The case for low carbohydrate diets in diabetes management

Division of Endocrinology, Diabetes and Hypertension, SUNY Downstate Medical Center, Kings County Hospital Center, Brooklyn, NY 11203, USA.
Nutrition & Metabolism (Impact Factor: 3.36). 07/2005; 2(1):16. DOI: 10.1186/1743-7075-2-16
Source: PubMed

ABSTRACT A low fat, high carbohydrate diet in combination with regular exercise is the traditional recommendation for treating diabetes. Compliance with these lifestyle modifications is less than satisfactory, however, and a high carbohydrate diet raises postprandial plasma glucose and insulin secretion, thereby increasing risk of CVD, hypertension, dyslipidemia, obesity and diabetes. Moreover, the current epidemic of diabetes and obesity has been, over the past three decades, accompanied by a significant decrease in fat consumption and an increase in carbohydrate consumption. This apparent failure of the traditional diet, from a public health point of view, indicates that alternative dietary approaches are needed. Because carbohydrate is the major secretagogue of insulin, some form of carbohydrate restriction is a prima facie candidate for dietary control of diabetes. Evidence from various randomized controlled trials in recent years has convinced us that such diets are safe and effective, at least in short-term. These data show low carbohydrate diets to be comparable or better than traditional low fat high carbohydrate diets for weight reduction, improvement in the dyslipidemia of diabetes and metabolic syndrome as well as control of blood pressure, postprandial glycemia and insulin secretion.
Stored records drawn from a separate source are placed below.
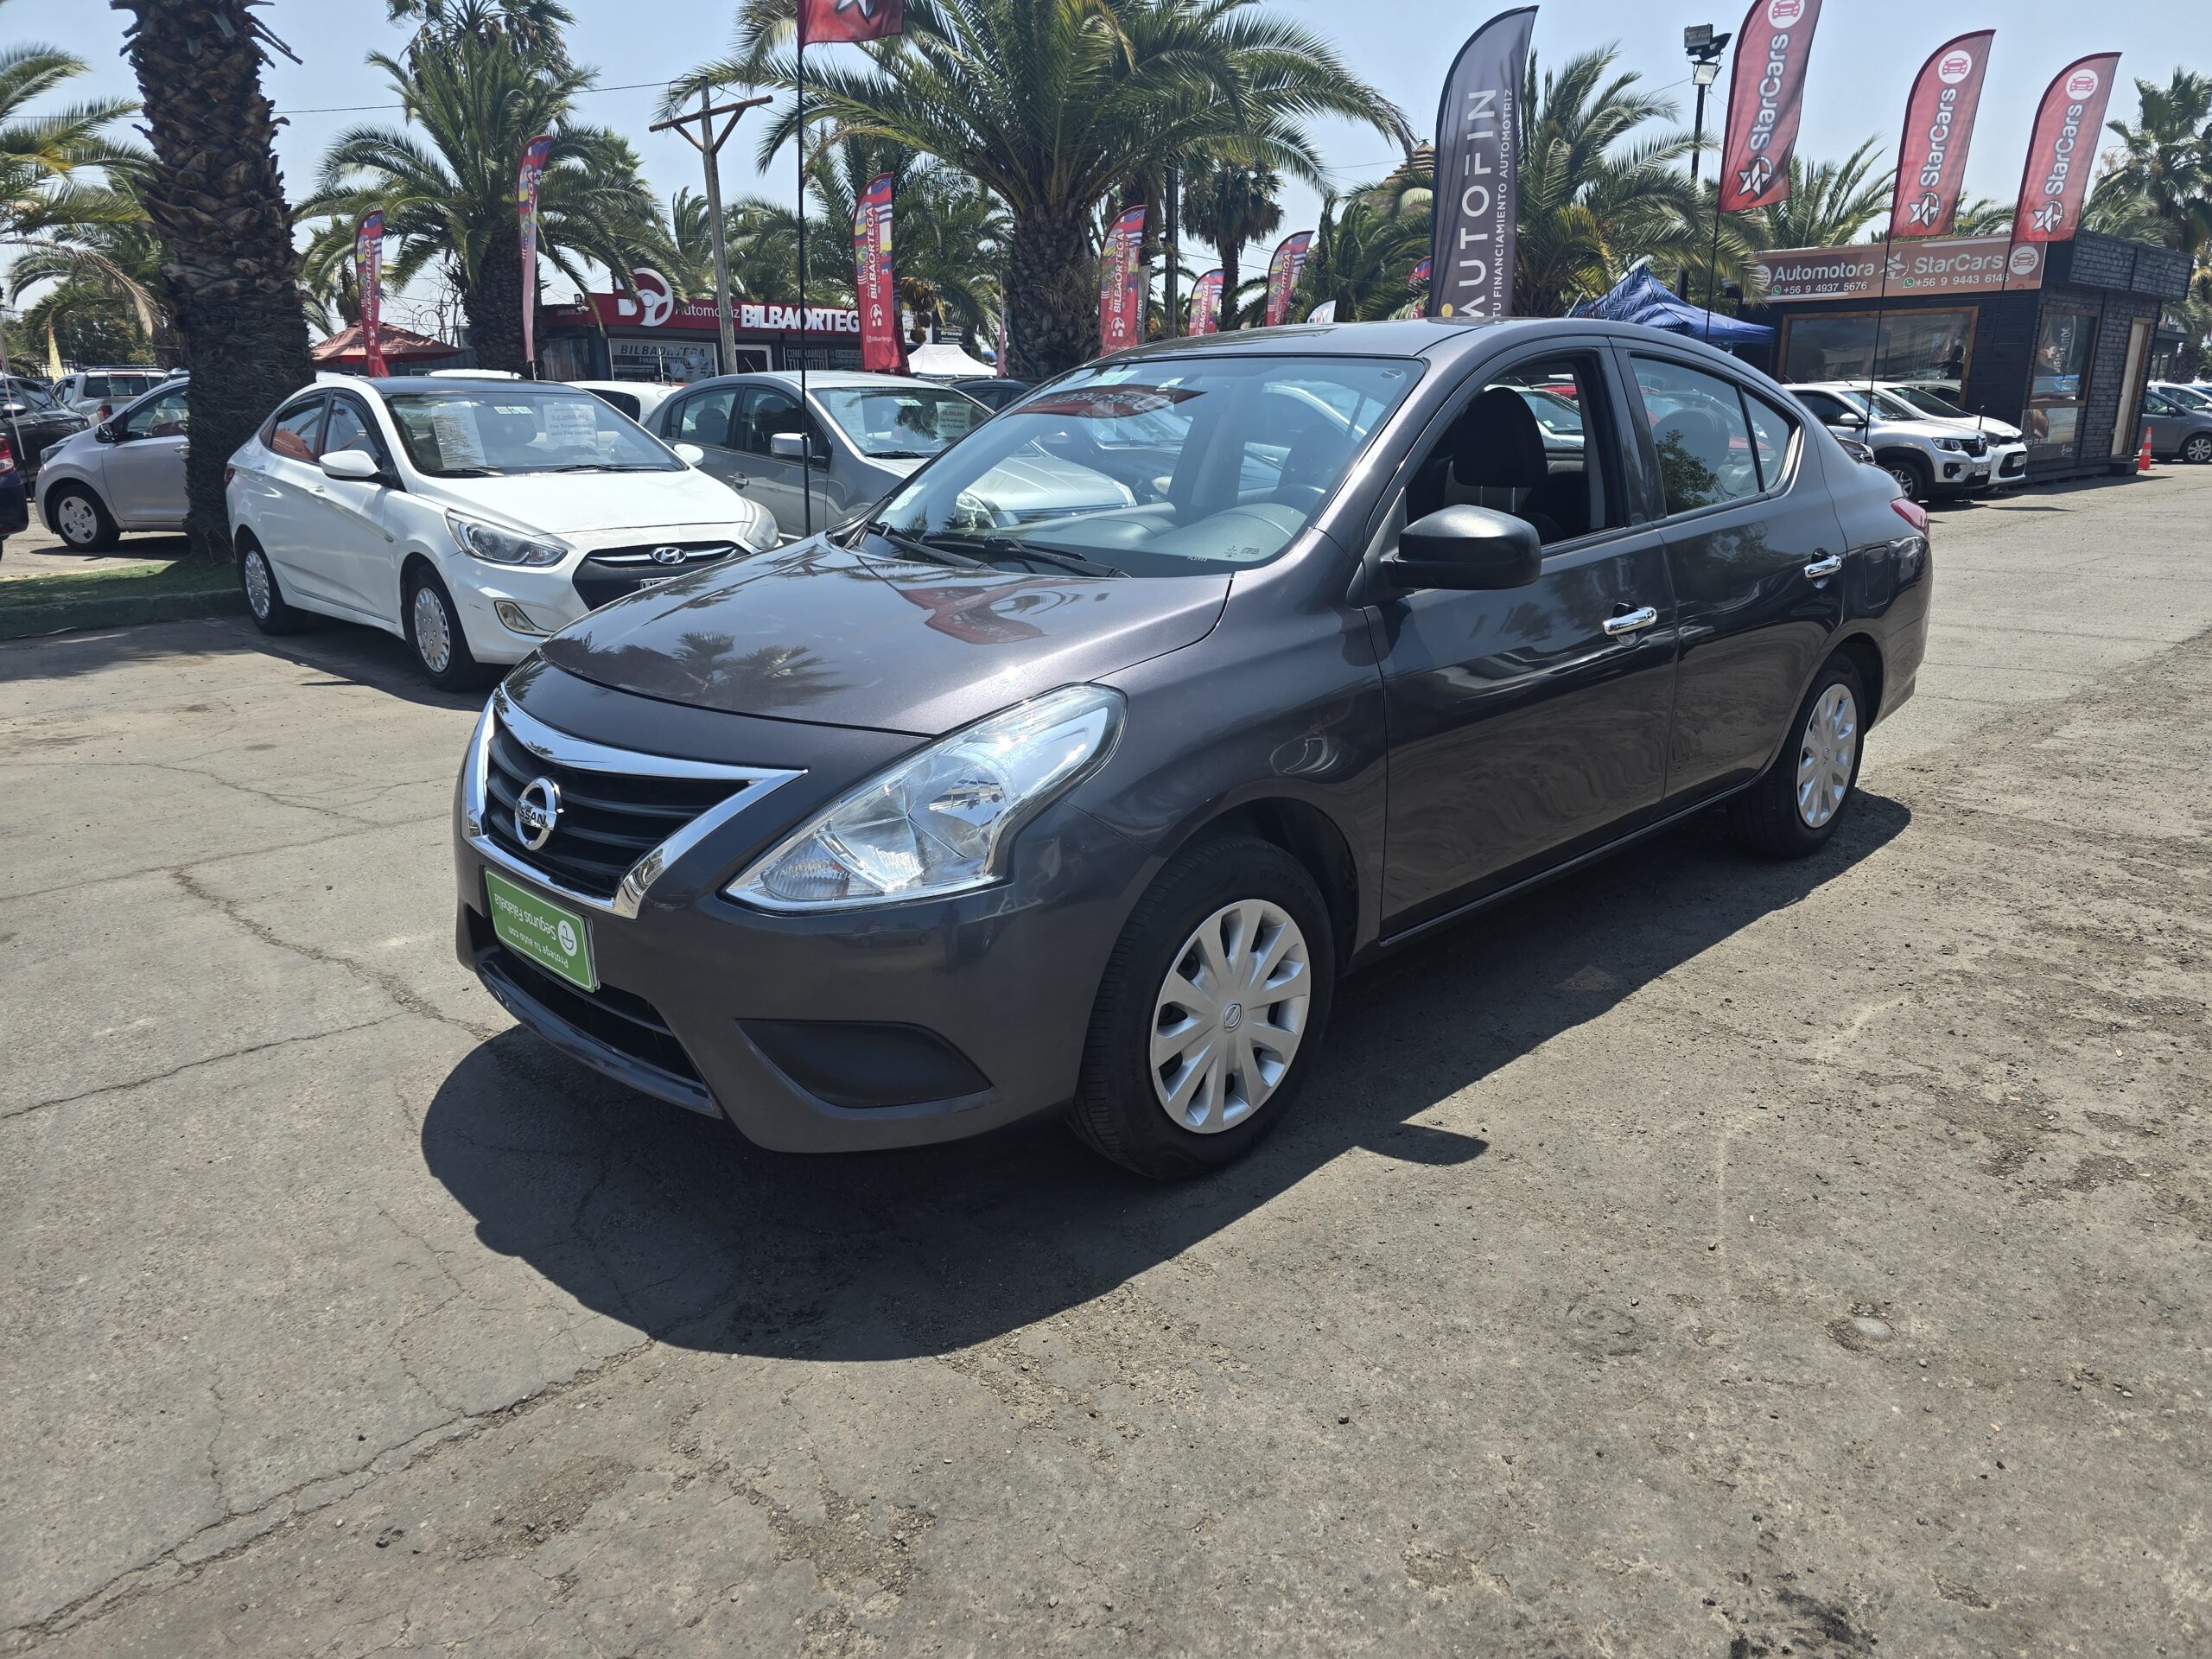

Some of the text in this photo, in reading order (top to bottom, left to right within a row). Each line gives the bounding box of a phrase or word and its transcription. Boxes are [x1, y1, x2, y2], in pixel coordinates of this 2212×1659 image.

[1750, 33, 1789, 150] StarCars
[1920, 87, 1956, 188] StarCars
[2045, 103, 2082, 196] StarCars
[1459, 89, 1497, 317] AUTOFIN
[1492, 88, 1513, 317] TU FINANCIAMIENTO AUTOMOTRIZ
[866, 207, 878, 299] BILBAORTEGA
[1113, 232, 1125, 313] BILBAORTEGA
[1773, 262, 1874, 283] Automotora
[1783, 282, 1867, 295] +56 9 4937 5676
[1914, 253, 2004, 275] StarCars
[1916, 277, 1936, 287] +56
[1941, 276, 1947, 286] 9
[1953, 275, 1980, 285] 9443
[494, 893, 556, 941] Seguros Falabella
[507, 925, 569, 969] Protege tu auto con
Furthermore, the ability of low carbohydrate diets to reduce triglycerides and to increase HDL is of particular importance. Resistance to such strategies has been due, in part, to equating it with the popular Atkins diet. However, there are many variations and room for individual physician planning. Some form of low carbohydrate diet, in combination with exercise, is a viable option for patients with diabetes. However, the extreme reduction of carbohydrate of popular diets (<30 g/day) cannot be recommended for a diabetic population at this time without further study. On the other hand, the dire objections continually raised in the literature appear to have very little scientific basis. Whereas it is traditional to say that more work needs to be done, the same is true of the assumed standard low fat diets which have an ambiguous record at best. We see current trends in the national dietary recommendations as a positive sign and an appropriate move in the right direction.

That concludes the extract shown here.